Link to Article:      https://www.theadvocate.com/acadiana/news/article_ec82f556-a8ce-11e9-8b08-7fb7c465b43c.html

Source:  Acadiana Advocate

Author(s):  Ben Meyers

Date:  July 19, 2019 

Synopsis of / Excerpts from Article 

According to the article:  

The Diocese of Lake Charles joined its six Louisiana counterparts three months ago in releasing a list of clergymen from its jurisdiction who have been “credibly accused” of sexually abusing minors. The lists were intended to answer nationwide public demands for accountability and transparency.

But although the Lake Charles list named predatory priests, it did so in a way that was less than transparent. 

Church officials learned of the abuses of two priests, Gerard Smit and Mark Broussard, years before the dates shown on the new list, records show. The discrepancies conceal periods in which the bishop at that time, Jude Speyrer, and others were aware of allegations and helped abusers continue their pastoral careers. 

Current Lake Charles church leaders say the “dates allegations received” entries reflect when victims put accusations in writing. That threshold was intended to ensure a consistent standard and not to deceive the public, church officials told The Advocate. But it also overlooks clear evidence that the bishop and others knew of abuses and failed to act.

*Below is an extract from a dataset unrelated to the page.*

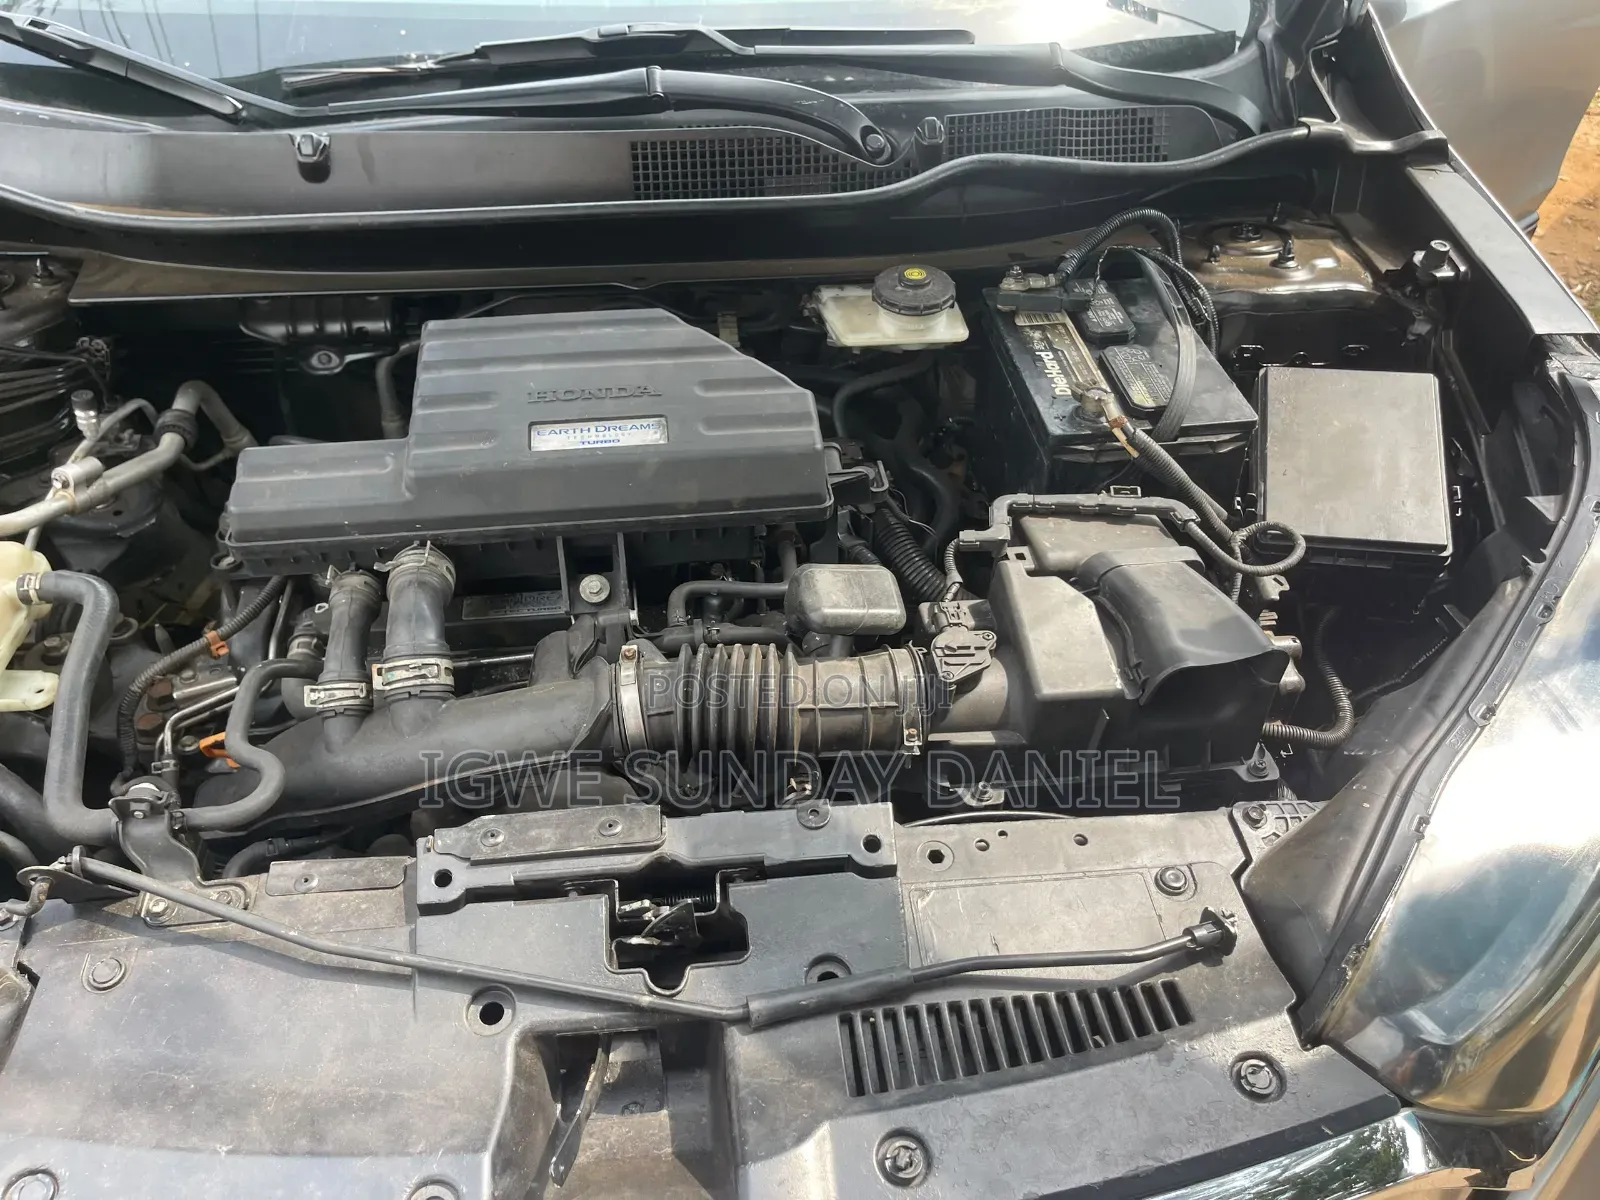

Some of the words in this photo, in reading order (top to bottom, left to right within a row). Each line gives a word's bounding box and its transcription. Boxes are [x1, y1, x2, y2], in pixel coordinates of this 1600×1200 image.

Speyrer, for example, acknowledged in a 1986 letter that he had recently received a complaint that Smit “had been involved in some improper fondling of some small girls about twenty years ago” — in the mid-1960s, in other words — and that Smit did not deny it.

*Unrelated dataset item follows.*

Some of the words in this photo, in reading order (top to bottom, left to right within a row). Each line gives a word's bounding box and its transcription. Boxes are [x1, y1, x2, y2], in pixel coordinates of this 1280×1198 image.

So Speyrer sent Smit to a Catholic-run psychological treatment center in Jemez Springs, New Mexico, and then referred Smit to the Diocese of Wilmington, Delaware, the next year “in good standing.”

Nonetheless, the diocese’s list says it first received allegations against Smit in 2002, making no mention of the allegations Speyrer received 16 years earlier.

In 1988, two years after Smit was treated in New Mexico, Broussard, the other of the two priests, was shipped to the same facility. That’s the year Broussard has said repeatedly that he admitted his abuses to diocesan officials.

However, the new diocesan list says church officials first received allegations against Broussard in 1994, six years after he was sent away for treatment. During that six-year span, Broussard worked as a Lake Charles hospital chaplain and as pastor at St. Eugene Church in Grand Chenier.

Allegations later surfaced that Broussard abused children in both of those assignments.

Smit and Broussard had been exposed as abusers long before the diocese released its list. Smit has never faced criminal prosecution, but the Diocese of Wilmington identified him on its list of credibly accused clergymen in 2006. Smit landed on the Wilmington list after a man told the diocese that Smit had abused him at St. Anne Church in Youngsville in the early 1960s.

Broussard, meanwhile, was convicted by a Calcasieu Parish jury in 2016 of five counts related to sexually assaulting minors, and he is now serving two life terms plus 55 years at the Louisiana State Penitentiary at Angola.

However, the men who knew about their abuse and allowed them to continue in the ministry have not faced the same public scrutiny. In addition to Speyrer, they include the Rev. Henry Mancuso, a well-known retired priest who comes from a prominent Lake Charles family. Mancuso arranged for Broussard to work as a hospital chaplain after Broussard disclosed to Mancuso in 1988 that he had abused several children, according to Broussard’s statements to church officials a decade later.

Mancuso, reached by telephone, refused to discuss his 1988 conversation with Broussard, though he did acknowledge trying to help the predatory priest.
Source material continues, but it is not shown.